Poznaliśmy wreszcie ustawowe zapisy szczegółowe proponowanych przez rząd zmian w otwartych funduszach emerytalnych. Jest to dokument dość szczególnej natury. A to dlatego, że w części uzasadniającej zmiany w wielu ustawach – mówiąc oględnie – ostrożnie obchodzi się z prawdą.
Czyje to pieniądze
Spójrzmy na początek na główny punkt w programie rządu, czyli przeniesienie do ZUS, a następnie umorzenie części obligacyjnej portfela OFE i zastąpienie jej odpowiednimi zapisami na subkontach ubezpieczonych w ZUS.

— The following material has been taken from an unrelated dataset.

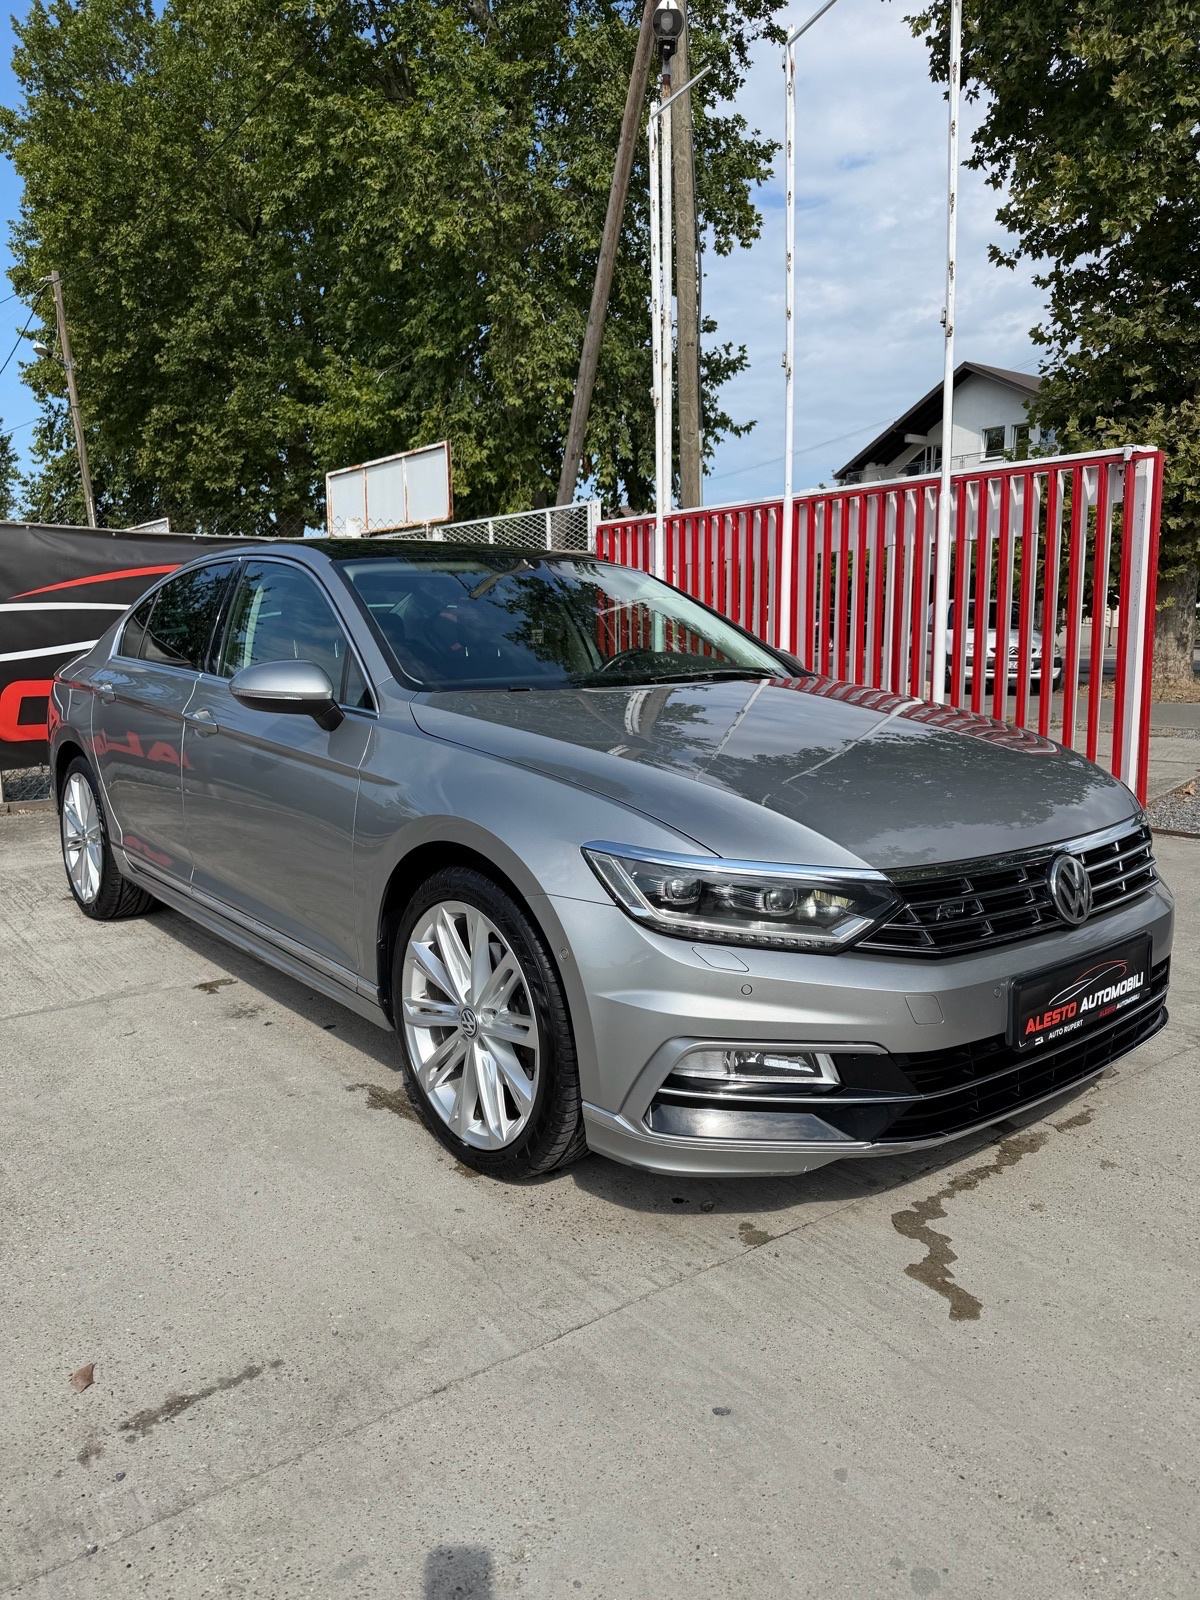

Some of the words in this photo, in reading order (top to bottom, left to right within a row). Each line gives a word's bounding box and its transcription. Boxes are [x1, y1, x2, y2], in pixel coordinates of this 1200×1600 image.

[1025, 1002, 1077, 1035] ALESTO
[1080, 972, 1143, 1013] AUTOMOBILI
[1048, 1026, 1064, 1039] AUTO

Czyje są pieniądze w OFE? Trudne pytanie. Odpowiedź rządu prosta: nie są nasze; nie są też pieniędzmi OFE. Czyje w takim razie one są? No jasne: są „daniną o charakterze publicznoprawnym", czytaj – są publiczne. Daniną dość szczególną, trzeba przyznać, bo dziedziczoną. Na dowód tej hipotezy – bo to jest tylko hipoteza, na której posadowione są budzące wątpliwości zmiany – przytaczane jest orzeczenie Sądu Najwyższego i wykładnia Trybunału Konstytucyjnego. Orzeczenia nie tylko nie na temat, ale też – co powinno zainteresować sędziów przywoływanych przez rząd na świadków – prowadzące do następującej, dość zaskakującej w demokratycznym państwie prawa, konkluzji: „... w kształtowaniu rozwiązań prawnych w sferze ubezpieczeń społecznych ustawodawca dysponuje szerokim zakresem swobody". Czy ma to znaczyć, że najpierw rząd, a później parlament mogą zrobić w sferze emerytur wszystko?

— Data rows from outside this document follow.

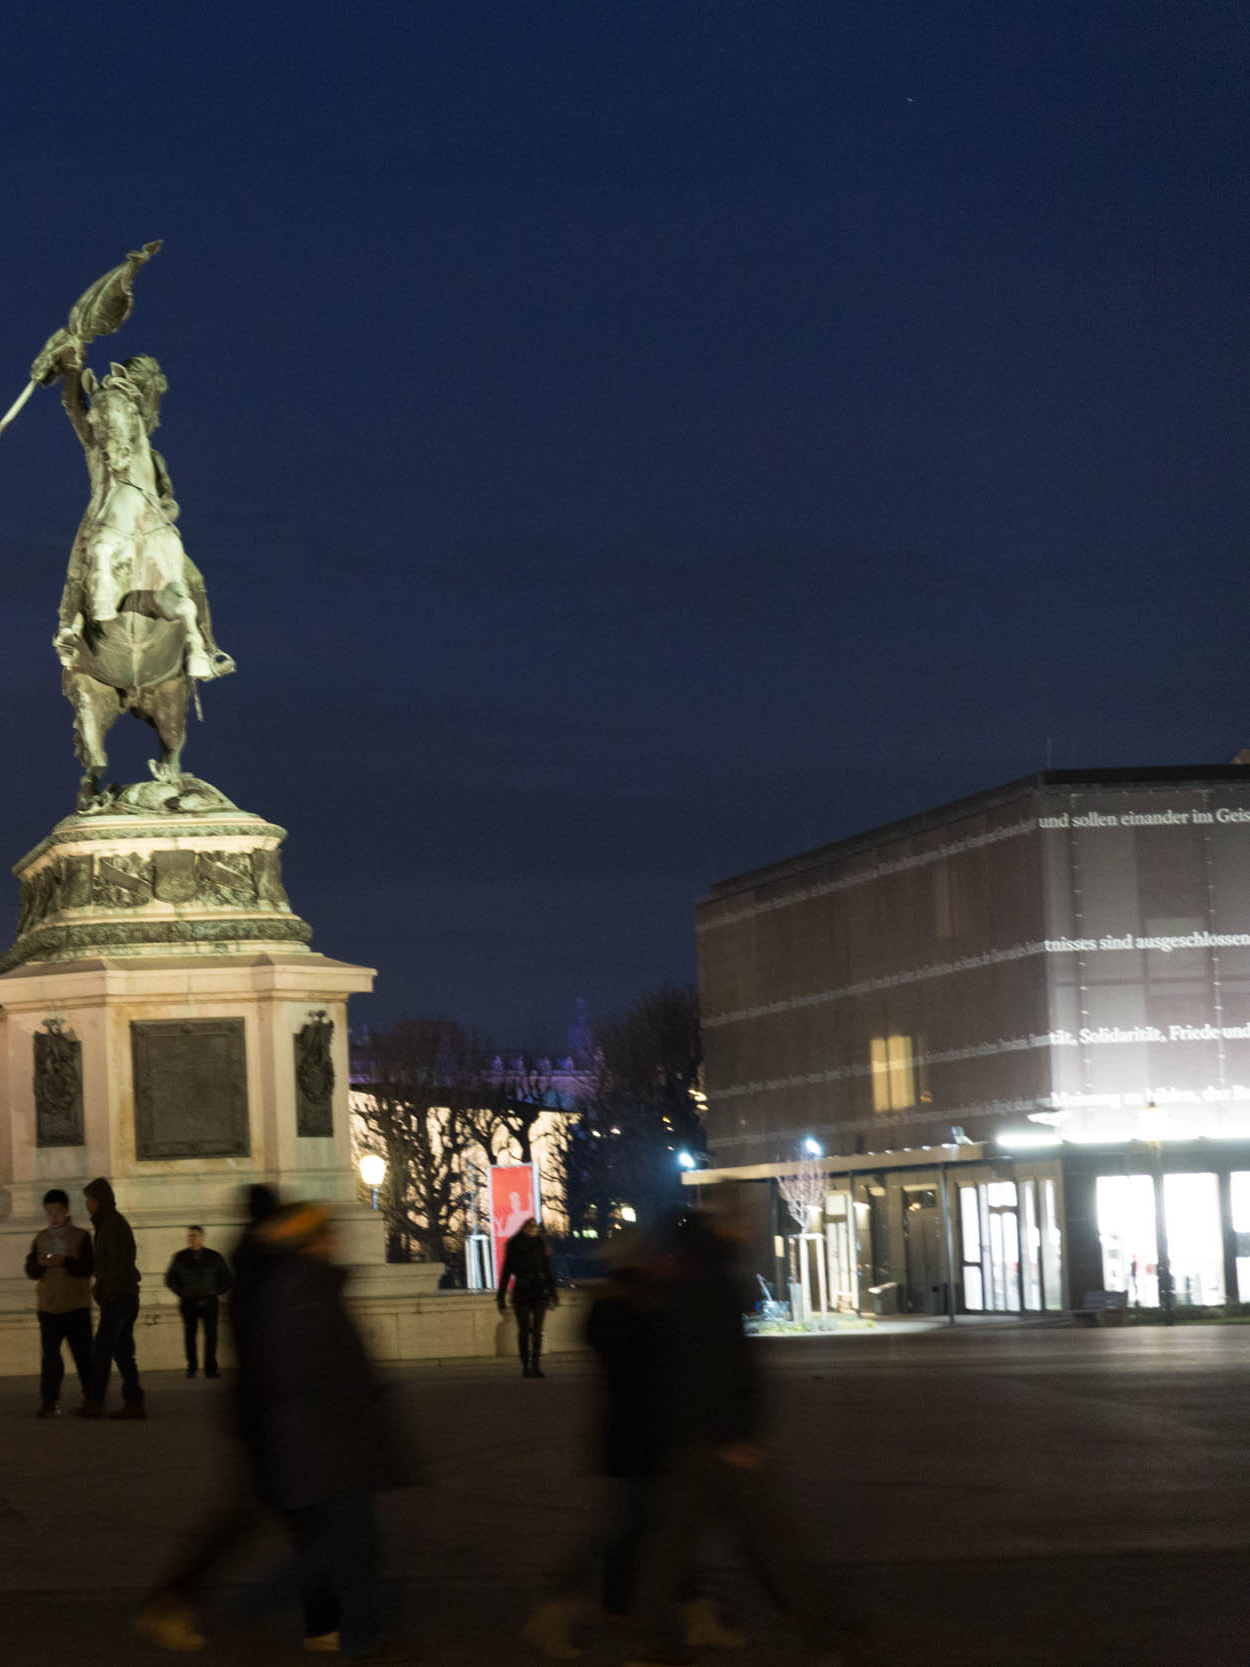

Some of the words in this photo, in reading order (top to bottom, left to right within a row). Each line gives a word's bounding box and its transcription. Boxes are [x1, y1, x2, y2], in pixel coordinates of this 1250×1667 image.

[1038, 812, 1069, 829] und
[1071, 811, 1119, 828] sollen
[1121, 810, 1190, 826] einander
[1192, 809, 1214, 824] im
[1099, 934, 1133, 950] sind
[1136, 931, 1250, 952] ausgeschlossen
[1079, 1026, 1168, 1045] Solidarität,
[1169, 1023, 1221, 1041] Friede

Mogą na przykład nazywać OFE raz częścią sektora publicznego, kiedy chodzi o transfer aktywów do ZUS, a raz prywatnego, kiedy chodzi o zyski czerpane przez właścicieli OFE. Warto też pamiętać, jak OFE klasyfikuje Eurostat i Komisja Europejska. Bo robią to jednak inaczej niż polski rząd.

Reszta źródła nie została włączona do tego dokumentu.